Number of validation sites by source:

In [None]:
stats_df['n'].sum()

In [None]:
stats_df.groupby("name")['n'].sum()

In [None]:
stats_df.groupby("name")['year'].agg([np.min,np.max])

In [None]:
rename_dict = dict(zip(stats_df.groupby(["source"])['year'].count().sort_values().index[0:4], ['Other']*4))
rename_dict = {**rename_dict, **{'aerial photogrammetry': 'Aerial photogrammetry',
                                 'drone photogrammetry': 'Drone photogrammetry',
                                 'hydrographic survey': 'Hydrographic survey',
                                 'lidar': 'LiDAR'}}

counts_per_year = (stats_df
                   .pipe(lambda x: x.assign(source_updated = x.source.replace(rename_dict)))
                   .groupby(["year", "source_updated"])['n']
                   .sum()
                   .unstack()) 
counts_per_year = counts_per_year / counts_per_year.sum().sum()
counts_per_year

In [None]:
import matplotlib.ticker as mtick

fig, ax = plt.subplots(1,1, figsize=(11, 8))
counts_per_year.plot(ax=ax, 
                     kind='bar', 
                     stacked=True, 
                     width=1.0, 
                     edgecolor='#484746', 
                     linewidth=1.0, 
                     color=['#e5c494', '#ff7f0e', '#7295c1', '#8dbe8d', 'lightgrey']
                    ) 
ax.yaxis.set_ticks_position('right')
ax.spines['left'].set_visible(False)
ax.spines['top'].set_visible(False)
ax.xaxis.label.set_visible(False)
plt.yticks([0, 0.05, 0.10, 0.15, 0.20], ['0%', '5%', '10%', '15%', '20%']);
plt.legend(loc="upper left", ncol=5, bbox_to_anchor=(0, -0.08), fancybox=False, shadow=False, frameon=False)

# Export to file
fig.savefig(fname='../bishoptaylor_2020/Validation_extent/validation_temporal.png', 
            dpi=300, pad_inches=0, bbox_inches="tight")

In [None]:
stats_df.groupby("name")["source"].unique()

In [None]:
out['n'] / out['n'].sum()

In [None]:
stats_df.groupby('name')['smartline'].unique()

#### Results by slope

In [None]:
fig, (ax2, ax1) = plt.subplots(1, 2, figsize=(12, 5))

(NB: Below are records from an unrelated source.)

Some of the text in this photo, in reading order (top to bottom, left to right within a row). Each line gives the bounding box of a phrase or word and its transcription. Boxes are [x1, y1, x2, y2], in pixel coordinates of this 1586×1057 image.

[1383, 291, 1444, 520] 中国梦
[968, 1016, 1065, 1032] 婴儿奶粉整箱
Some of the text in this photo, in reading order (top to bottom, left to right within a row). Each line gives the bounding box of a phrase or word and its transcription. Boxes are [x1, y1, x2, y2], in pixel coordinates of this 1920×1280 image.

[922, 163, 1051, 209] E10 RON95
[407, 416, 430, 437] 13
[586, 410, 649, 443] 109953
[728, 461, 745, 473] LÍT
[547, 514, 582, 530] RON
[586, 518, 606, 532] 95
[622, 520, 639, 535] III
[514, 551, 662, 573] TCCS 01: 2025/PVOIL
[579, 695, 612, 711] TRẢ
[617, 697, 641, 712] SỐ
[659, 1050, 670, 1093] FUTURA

by_yearly_obs = stats_df.groupby('n').apply(
    lambda x: deacl_val.deacl_val_stats(x.val_dist, x.deacl_dist, x.n, False)).drop('n', axis=1).reset_index()
by_yearly_obs.plot.scatter(x='n', y='mae', ax=ax2, s=15)

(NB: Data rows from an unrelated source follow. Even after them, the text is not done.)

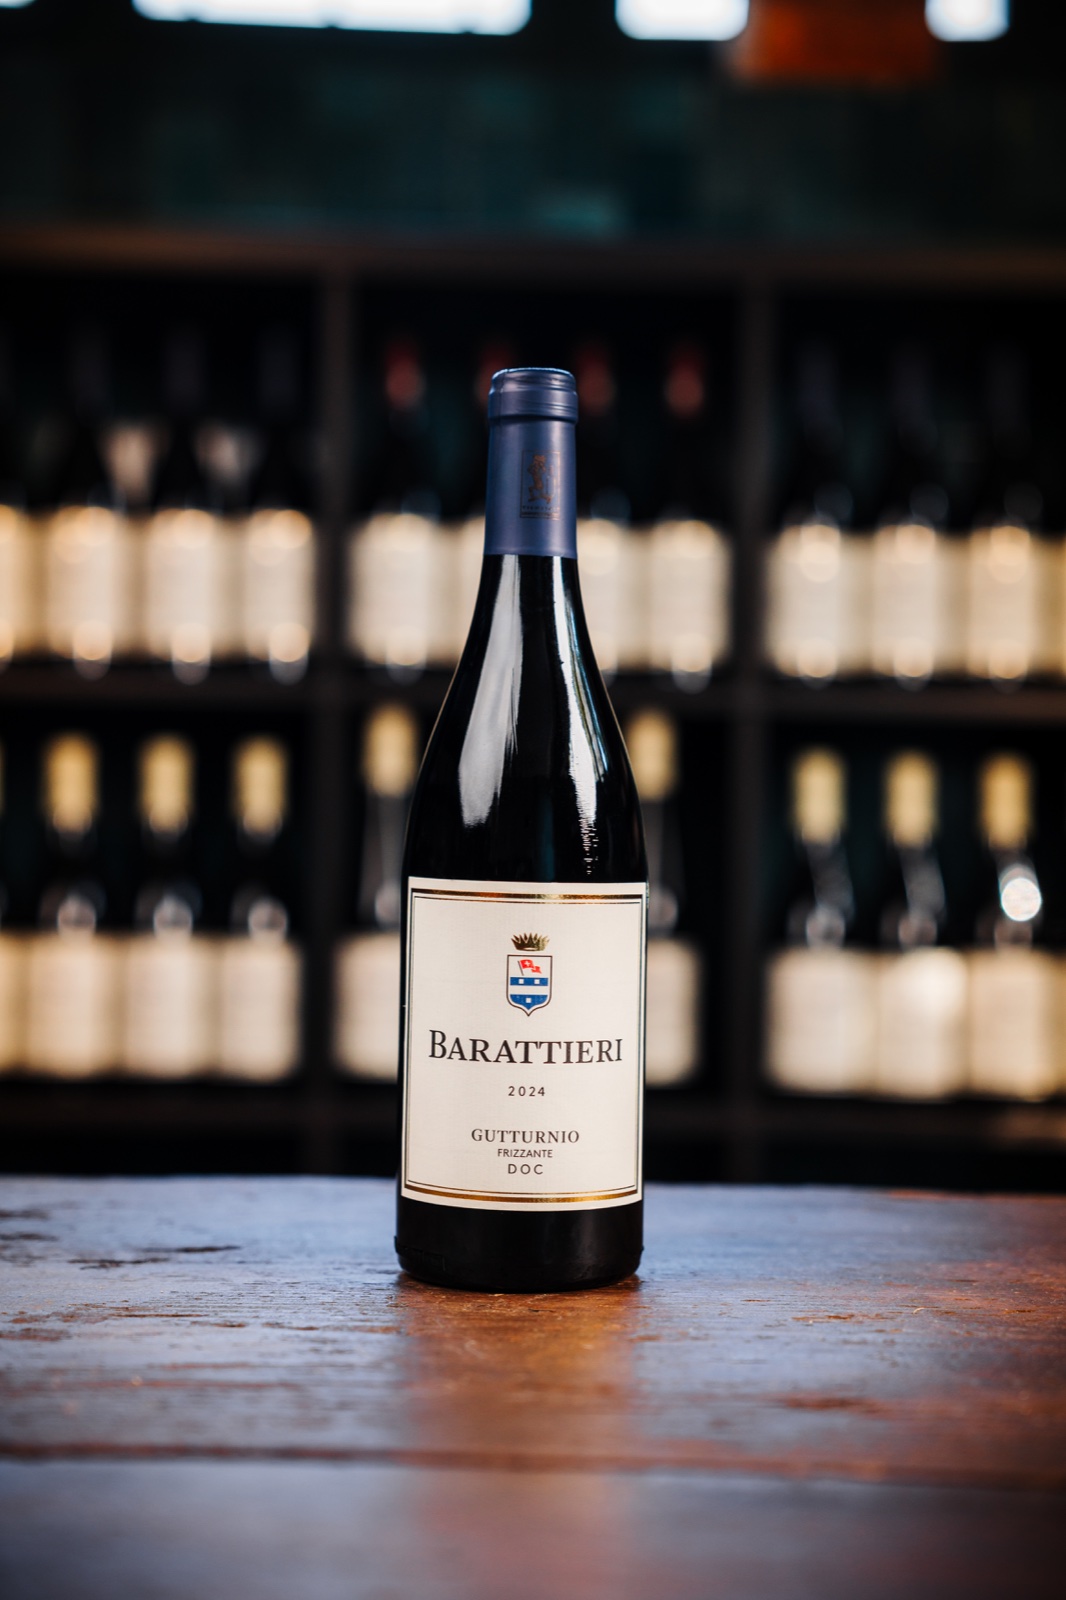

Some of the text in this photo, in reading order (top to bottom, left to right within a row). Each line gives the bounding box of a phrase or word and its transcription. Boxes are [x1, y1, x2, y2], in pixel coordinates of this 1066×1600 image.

[428, 1029, 623, 1064] BARATTIERI
[508, 1085, 545, 1097] 2024
[471, 1128, 580, 1143] GUTTURNIO
[497, 1148, 553, 1158] FRIZZANTE
[507, 1163, 544, 1175] DOC

for axis in ['top','bottom','left','right']:
    ax1.spines[axis].set_linewidth(1.5)
    ax2.spines[axis].set_linewidth(1.5)

by_slope = stats_df[['slope', 'error_m']].dropna(axis=0) 
by_slope['slope'] = by_slope.slope.abs()

sns.kdeplot(ax=ax1,
            data=by_slope['slope'],
            data2=by_slope['error_m'],
            cmap='YlOrRd',
            legend=True, 
            cbar=True,
            shade=True,
            shade_lowest=False,
            levels=16,
            clip=([0, 0.202], [-20, 55]),
            cbar_kws={"use_gridspec":False, 
                      "location":"top",
                      "shrink":0.5, 
                      "anchor":(0.92, 0.0),
                      'label': 'Density',
                      'ticklocation':"left",
                      "ticks": [0, 0.1, 0.2, 0.3, 0.4, 0.5]}
           )

# Add trendline and restrict extent
z = lowess(by_yearly_obs['mae'], by_yearly_obs['n'])
ax2.plot(z[:, 0], z[:, 1], '--', color = 'black', linewidth = 1.3, zorder=3);

ax1.set(ylim=(-25, 55))
# # Set axis limita
# ax1.set_xticks(np.arange(0, 0.2, 0.02))
ax1.set_ylabel('Errors (m)')
ax2.set_ylabel('Mean Absolute Error (MAE)')
ax1.set_xlabel('Intertidal slope (tan θ)')
ax2.set_xlabel('Survey frequency (observations per year)')
ax2.set_ylim(0, 25)
plt.subplots_adjust(wspace=0.15, hspace=0)
ax2.legend(['Trendline (LOESS)'], frameon=False)
ax1.axhline(y=0, linestyle='--', color='black', linewidth = 0.5)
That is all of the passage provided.